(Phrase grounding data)
········

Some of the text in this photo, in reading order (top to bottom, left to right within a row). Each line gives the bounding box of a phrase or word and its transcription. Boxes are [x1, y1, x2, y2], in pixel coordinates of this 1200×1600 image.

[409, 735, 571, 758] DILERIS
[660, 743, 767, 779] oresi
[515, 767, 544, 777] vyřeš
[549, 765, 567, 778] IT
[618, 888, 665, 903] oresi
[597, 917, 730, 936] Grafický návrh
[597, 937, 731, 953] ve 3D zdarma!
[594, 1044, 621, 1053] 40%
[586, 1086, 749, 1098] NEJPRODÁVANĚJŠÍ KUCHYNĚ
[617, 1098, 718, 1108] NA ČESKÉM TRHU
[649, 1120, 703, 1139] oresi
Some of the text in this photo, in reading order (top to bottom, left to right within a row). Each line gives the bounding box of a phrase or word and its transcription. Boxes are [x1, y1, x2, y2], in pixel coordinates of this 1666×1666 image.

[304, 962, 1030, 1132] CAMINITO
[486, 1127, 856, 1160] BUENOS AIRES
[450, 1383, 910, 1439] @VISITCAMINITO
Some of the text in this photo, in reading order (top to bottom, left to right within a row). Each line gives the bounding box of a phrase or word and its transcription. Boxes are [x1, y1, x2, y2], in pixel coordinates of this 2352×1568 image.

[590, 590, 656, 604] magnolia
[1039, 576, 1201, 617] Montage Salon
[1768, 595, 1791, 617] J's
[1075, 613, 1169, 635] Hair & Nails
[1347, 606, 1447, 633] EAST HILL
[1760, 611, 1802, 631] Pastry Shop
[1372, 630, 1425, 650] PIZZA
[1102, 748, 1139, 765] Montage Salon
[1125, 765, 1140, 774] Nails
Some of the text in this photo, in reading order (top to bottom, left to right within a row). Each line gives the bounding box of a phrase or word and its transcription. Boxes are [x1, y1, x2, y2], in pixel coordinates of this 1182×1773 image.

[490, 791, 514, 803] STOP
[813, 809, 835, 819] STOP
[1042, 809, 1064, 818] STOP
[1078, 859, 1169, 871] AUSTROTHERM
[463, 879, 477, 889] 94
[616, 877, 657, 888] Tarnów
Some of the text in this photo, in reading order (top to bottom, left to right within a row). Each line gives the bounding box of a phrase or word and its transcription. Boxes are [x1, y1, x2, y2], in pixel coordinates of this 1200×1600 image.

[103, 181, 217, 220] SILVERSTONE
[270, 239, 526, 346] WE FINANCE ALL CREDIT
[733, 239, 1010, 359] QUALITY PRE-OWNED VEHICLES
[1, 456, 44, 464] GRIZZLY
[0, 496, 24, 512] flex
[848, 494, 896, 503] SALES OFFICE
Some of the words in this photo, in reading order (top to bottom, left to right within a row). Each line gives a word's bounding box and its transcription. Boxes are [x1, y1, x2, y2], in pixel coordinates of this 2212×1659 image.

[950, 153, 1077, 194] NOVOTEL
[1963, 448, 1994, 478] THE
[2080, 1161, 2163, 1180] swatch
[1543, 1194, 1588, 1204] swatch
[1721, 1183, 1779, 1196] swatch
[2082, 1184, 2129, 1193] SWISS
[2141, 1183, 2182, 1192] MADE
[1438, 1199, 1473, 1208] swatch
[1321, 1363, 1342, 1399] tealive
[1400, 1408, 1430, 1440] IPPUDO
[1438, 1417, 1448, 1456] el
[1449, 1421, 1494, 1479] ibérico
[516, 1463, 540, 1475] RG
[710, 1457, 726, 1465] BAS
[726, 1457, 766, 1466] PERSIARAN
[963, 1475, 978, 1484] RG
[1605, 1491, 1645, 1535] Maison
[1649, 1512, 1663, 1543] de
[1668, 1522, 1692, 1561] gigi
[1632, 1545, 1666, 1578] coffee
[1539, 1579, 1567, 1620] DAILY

········

◆ WHAT TO WORK ON: Extract all of the data exactly as written.

◆ RESULT OF THIS TASK:
Some of the text in this photo, in reading order (top to bottom, left to right within a row). Each line gives the bounding box of a phrase or word and its transcription. Boxes are [x1, y1, x2, y2], in pixel coordinates of this 1200×1600 image.

[409, 735, 571, 758] DILERIS
[660, 743, 767, 779] oresi
[515, 767, 544, 777] vyřeš
[549, 765, 567, 778] IT
[618, 888, 665, 903] oresi
[597, 917, 730, 936] Grafický návrh
[597, 937, 731, 953] ve 3D zdarma!
[594, 1044, 621, 1053] 40%
[586, 1086, 749, 1098] NEJPRODÁVANĚJŠÍ KUCHYNĚ
[617, 1098, 718, 1108] NA ČESKÉM TRHU
[649, 1120, 703, 1139] oresi
Some of the text in this photo, in reading order (top to bottom, left to right within a row). Each line gives the bounding box of a phrase or word and its transcription. Boxes are [x1, y1, x2, y2], in pixel coordinates of this 1666×1666 image.

[304, 962, 1030, 1132] CAMINITO
[486, 1127, 856, 1160] BUENOS AIRES
[450, 1383, 910, 1439] @VISITCAMINITO
Some of the text in this photo, in reading order (top to bottom, left to right within a row). Each line gives the bounding box of a phrase or word and its transcription. Boxes are [x1, y1, x2, y2], in pixel coordinates of this 2352×1568 image.

[590, 590, 656, 604] magnolia
[1039, 576, 1201, 617] Montage Salon
[1768, 595, 1791, 617] J's
[1075, 613, 1169, 635] Hair & Nails
[1347, 606, 1447, 633] EAST HILL
[1760, 611, 1802, 631] Pastry Shop
[1372, 630, 1425, 650] PIZZA
[1102, 748, 1139, 765] Montage Salon
[1125, 765, 1140, 774] Nails
Some of the text in this photo, in reading order (top to bottom, left to right within a row). Each line gives the bounding box of a phrase or word and its transcription. Boxes are [x1, y1, x2, y2], in pixel coordinates of this 1182×1773 image.

[490, 791, 514, 803] STOP
[813, 809, 835, 819] STOP
[1042, 809, 1064, 818] STOP
[1078, 859, 1169, 871] AUSTROTHERM
[463, 879, 477, 889] 94
[616, 877, 657, 888] Tarnów
Some of the text in this photo, in reading order (top to bottom, left to right within a row). Each line gives the bounding box of a phrase or word and its transcription. Boxes are [x1, y1, x2, y2], in pixel coordinates of this 1200×1600 image.

[103, 181, 217, 220] SILVERSTONE
[270, 239, 526, 346] WE FINANCE ALL CREDIT
[733, 239, 1010, 359] QUALITY PRE-OWNED VEHICLES
[1, 456, 44, 464] GRIZZLY
[0, 496, 24, 512] flex
[848, 494, 896, 503] SALES OFFICE
Some of the words in this photo, in reading order (top to bottom, left to right within a row). Each line gives a word's bounding box and its transcription. Boxes are [x1, y1, x2, y2], in pixel coordinates of this 2212×1659 image.

[950, 153, 1077, 194] NOVOTEL
[1963, 448, 1994, 478] THE
[2080, 1161, 2163, 1180] swatch
[1543, 1194, 1588, 1204] swatch
[1721, 1183, 1779, 1196] swatch
[2082, 1184, 2129, 1193] SWISS
[2141, 1183, 2182, 1192] MADE
[1438, 1199, 1473, 1208] swatch
[1321, 1363, 1342, 1399] tealive
[1400, 1408, 1430, 1440] IPPUDO
[1438, 1417, 1448, 1456] el
[1449, 1421, 1494, 1479] ibérico
[516, 1463, 540, 1475] RG
[710, 1457, 726, 1465] BAS
[726, 1457, 766, 1466] PERSIARAN
[963, 1475, 978, 1484] RG
[1605, 1491, 1645, 1535] Maison
[1649, 1512, 1663, 1543] de
[1668, 1522, 1692, 1561] gigi
[1632, 1545, 1666, 1578] coffee
[1539, 1579, 1567, 1620] DAILY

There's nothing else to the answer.